Main railway station in Mulhouse, Haut-Rhin, France

The Gare de Mulhouse-Ville, also known as Gare Centrale, is the main railway station in the city of Mulhouse, Haut-Rhin, France. It is the eastern terminus of the Paris-Est–Mulhouse-Ville railway.

== Station infrastructure ==
The station is a major thoroughfare on the SNCF network as it is the second busiest in the Alsace region after Strasbourg-Ville.

== History ==
The current station was built in the years 1928–1932 and rebuilt until 1955, after sustaining heavy damage in 1944, during World War II; it was restored again in 2006, in anticipation of the TGV. Mulhouse's first railway station had been opened in 1839

== Services ==
Mulhouse-Ville station is connected to the LGV Rhin-Rhône high speed line, offering TGV services towards Besançon, Dijon, Paris and southern France.

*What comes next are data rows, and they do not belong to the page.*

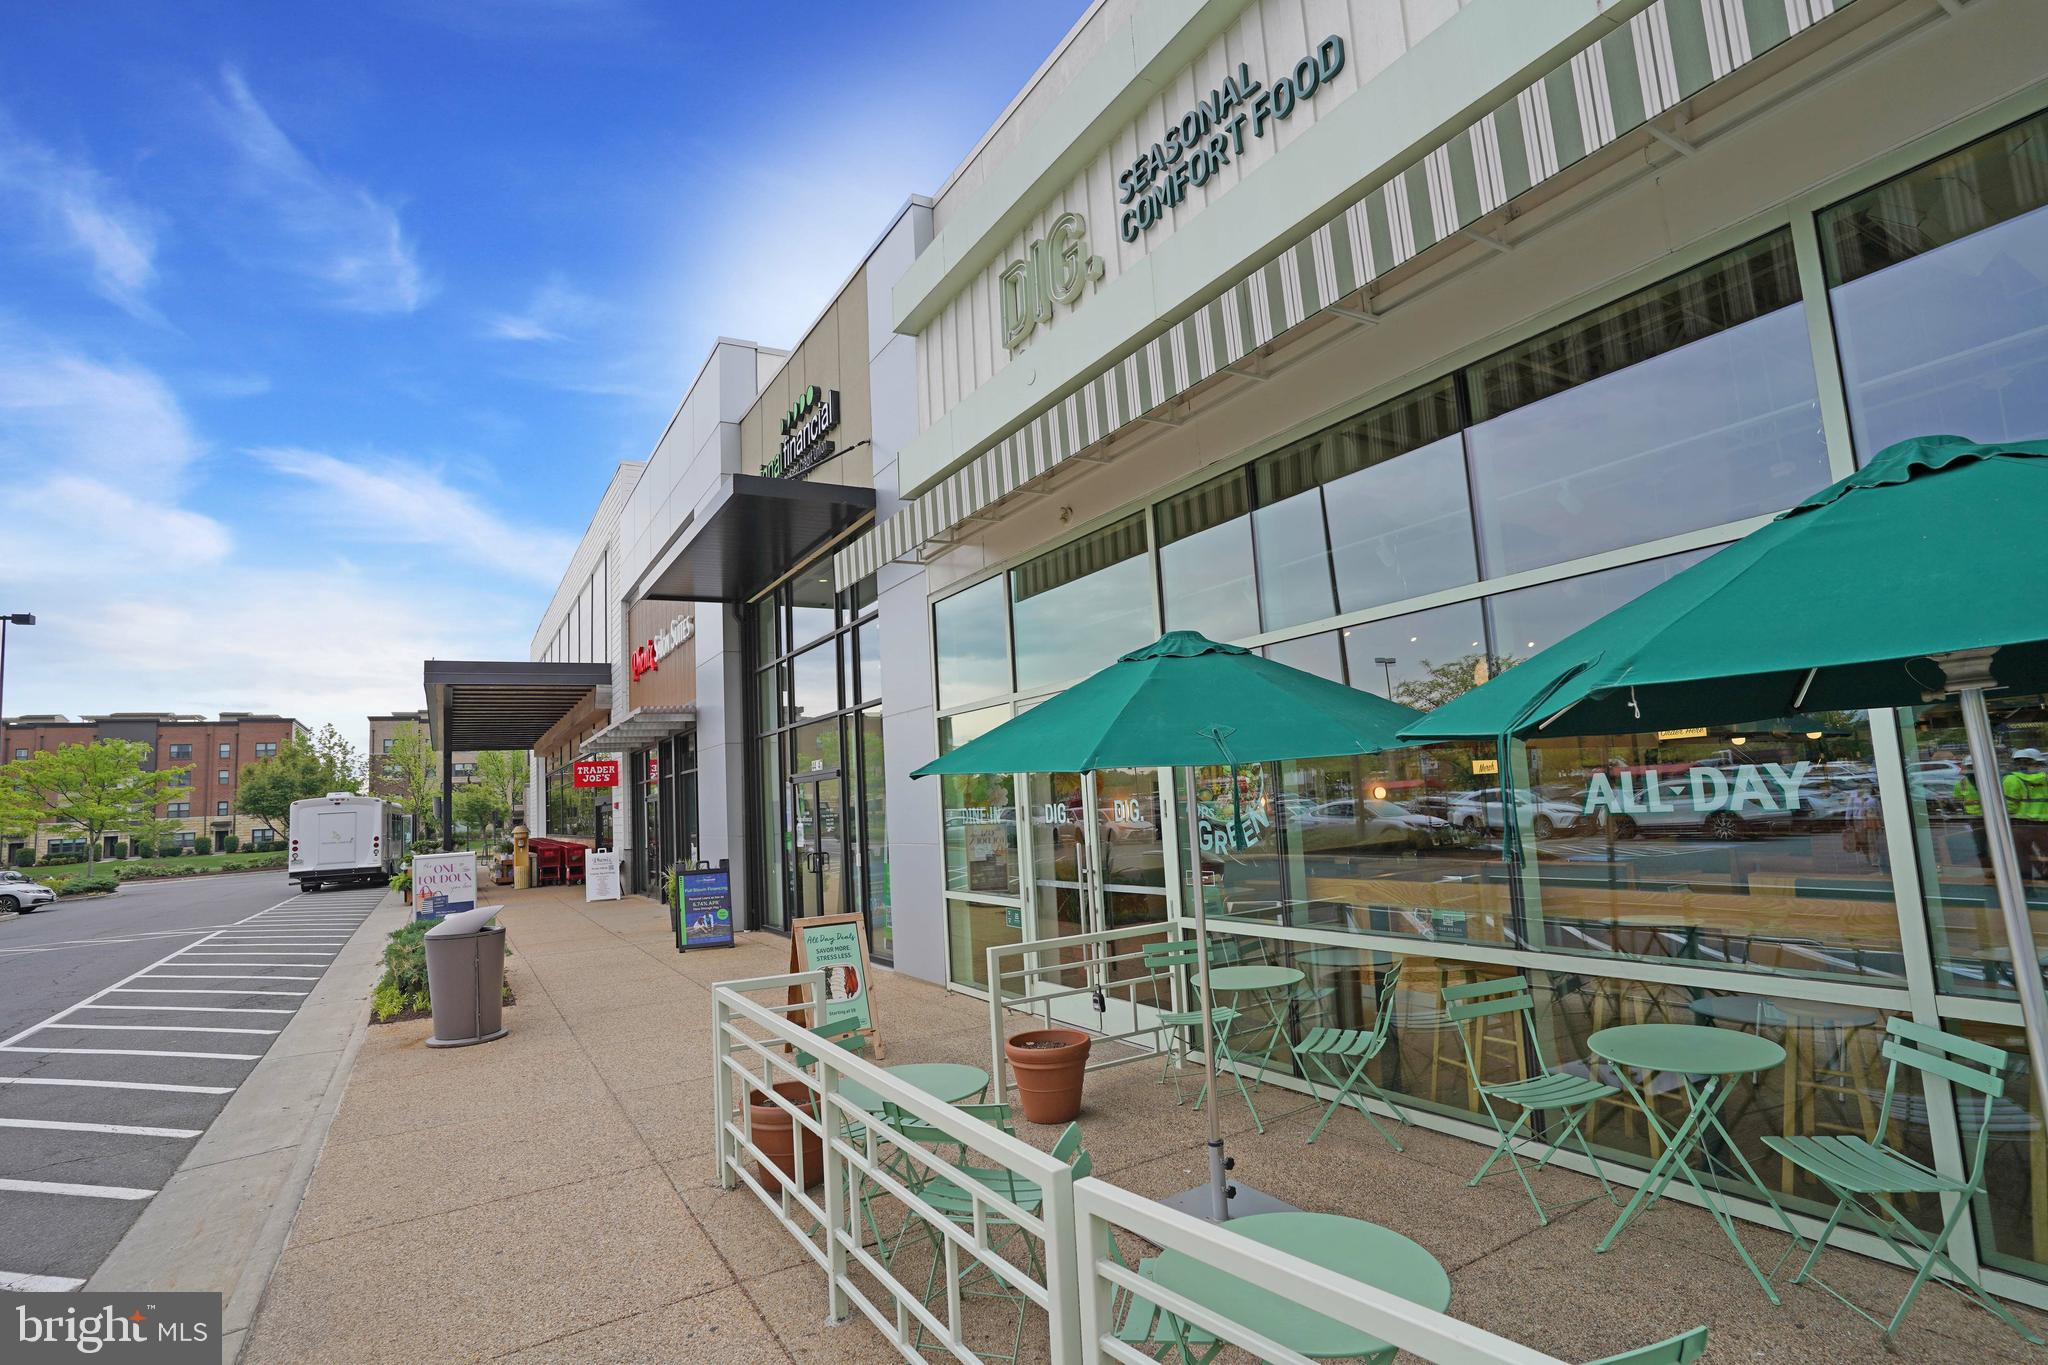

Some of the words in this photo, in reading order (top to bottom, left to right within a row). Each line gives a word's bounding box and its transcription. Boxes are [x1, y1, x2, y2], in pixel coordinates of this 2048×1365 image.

[1119, 62, 1261, 204] SEASONAL
[1120, 113, 1247, 243] COMFORT
[1252, 34, 1345, 138] FOOD
[783, 389, 839, 469] financial
[577, 766, 615, 775] TRADER
[582, 774, 610, 783] JOE'S
[1584, 771, 1675, 814] ALL
[1689, 761, 1811, 811] DAY
[1045, 803, 1072, 824] DIG.
[1113, 799, 1144, 823] DIG.
[807, 935, 820, 944] All
[820, 934, 835, 945] Day
[836, 932, 856, 941] Deals
[815, 946, 834, 955] SAVOR
[816, 953, 837, 962] STRESS
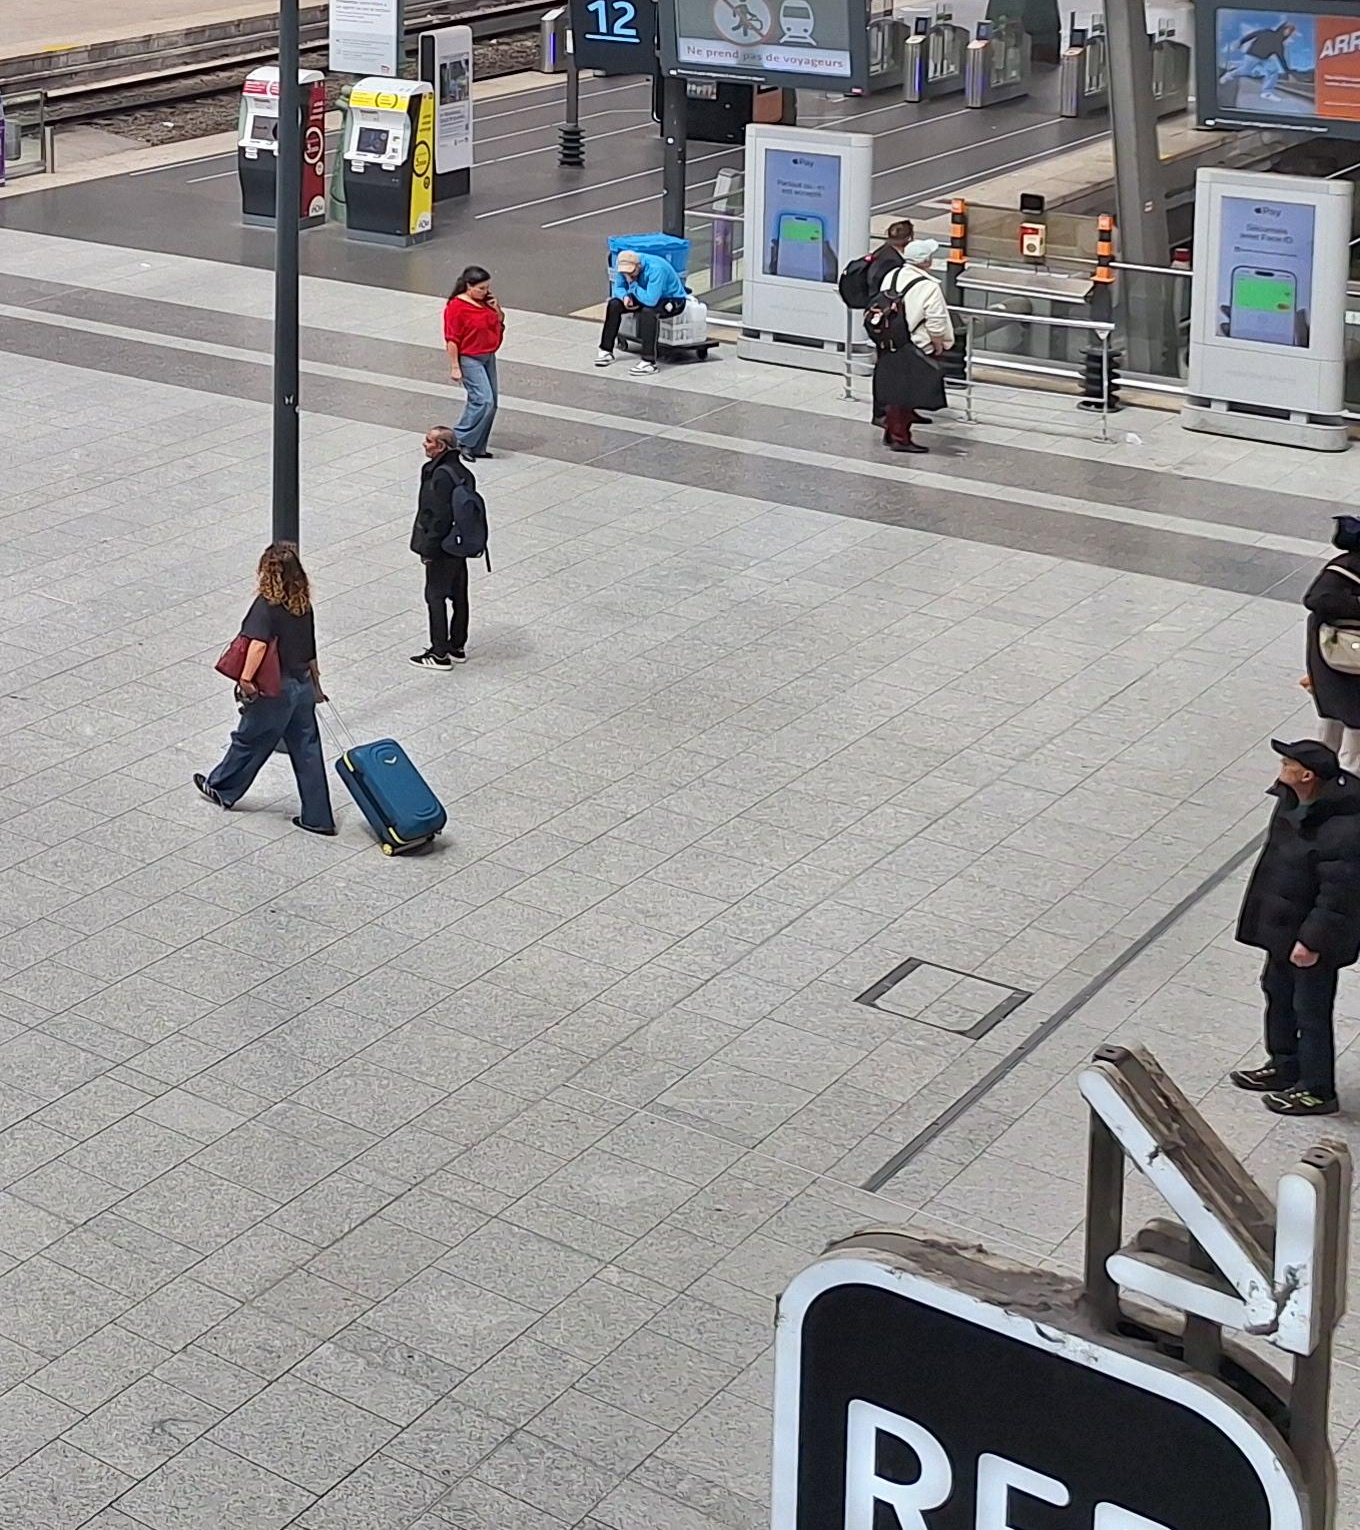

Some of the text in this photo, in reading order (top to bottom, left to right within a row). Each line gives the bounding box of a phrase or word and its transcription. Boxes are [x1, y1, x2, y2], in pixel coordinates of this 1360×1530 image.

[585, 0, 638, 37] 12
[686, 45, 844, 69] Ne prend pas de voyageurs
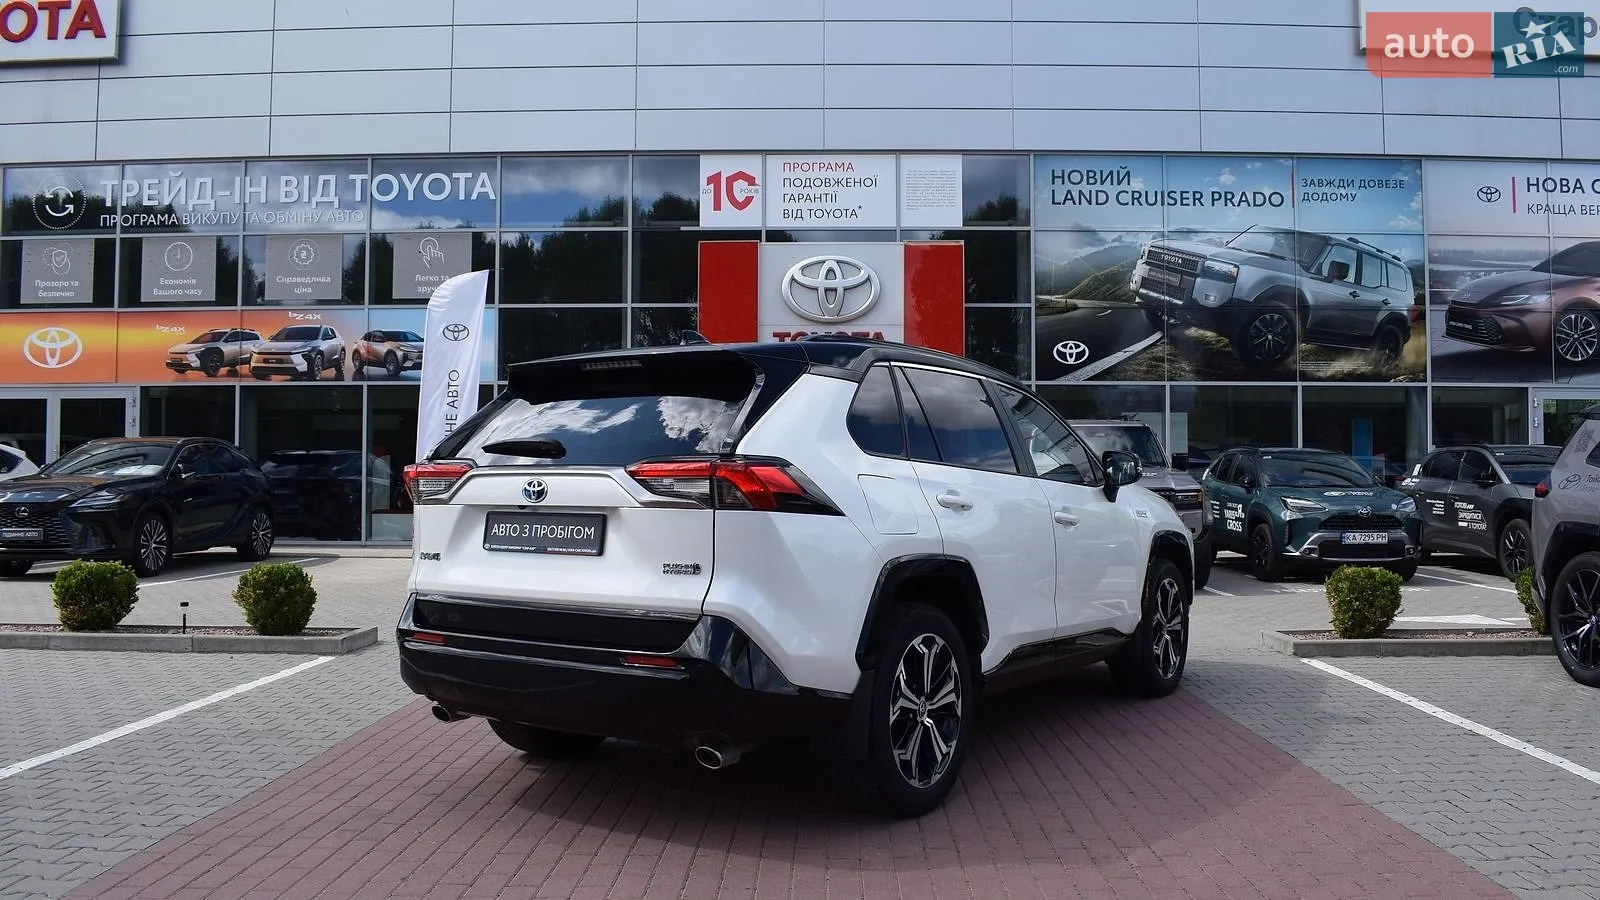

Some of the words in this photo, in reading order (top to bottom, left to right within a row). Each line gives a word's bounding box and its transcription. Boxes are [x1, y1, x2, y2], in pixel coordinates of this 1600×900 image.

[782, 162, 855, 173] ПРОГРАМА
[782, 174, 879, 190] ПОДОВЖЕНОЇ
[1051, 165, 1131, 186] НОВИЙ
[100, 170, 268, 211] ТРЕЙД-ІН
[279, 174, 340, 209] ВІД
[348, 172, 497, 202] TOYOTA
[1301, 178, 1355, 190] ЗАВЖДИ
[1358, 179, 1405, 190] ДОВЕЗЕ
[1526, 176, 1586, 194] НОВА
[782, 190, 839, 204] ГАРАНТІЇ
[1051, 189, 1110, 206] LAND
[1115, 190, 1204, 207] CRUISER
[1211, 191, 1285, 207] PRADO
[1301, 192, 1358, 203] ДОДОМУ
[782, 208, 804, 221] ВІД
[1527, 203, 1577, 217] КРАЩА
[100, 213, 179, 227] ПРОГРАМА
[182, 211, 240, 226] ВИКУПУ
[243, 211, 261, 225] ТА
[263, 210, 323, 225] ОБМІНУ
[326, 209, 365, 223] АВТО
[1161, 254, 1182, 264] TOYOTA
[276, 275, 332, 284] Справедлива
[153, 288, 183, 296] Вашого
[446, 369, 460, 409] АВТО
[491, 523, 520, 537] АВТО
[521, 524, 530, 537] З
[532, 524, 595, 540] ПРОБІГОМ
[1359, 533, 1375, 542] 7295

Regional and local services are offered by TER Grand Est and one service of Basel S-Bahn and DB Regio, respectively. Destinations include:

- Basel
- Belfort
- Colmar
- Frankfurt
- Kruth
- Luxembourg
- Lyon
- Marseille
- Montpellier
- Nice
- Paris Lyon
- Strasbourg
- Zurich

=== Intermodality ===
A tram stop on the forecourt of the station serves as the terminus of lines 1 and 3 of the Mulhouse tramway, as well as the tram-train service to Thann. The outer section of this tram-train line shares its tracks with the SNCF service from inside the station to Kruth.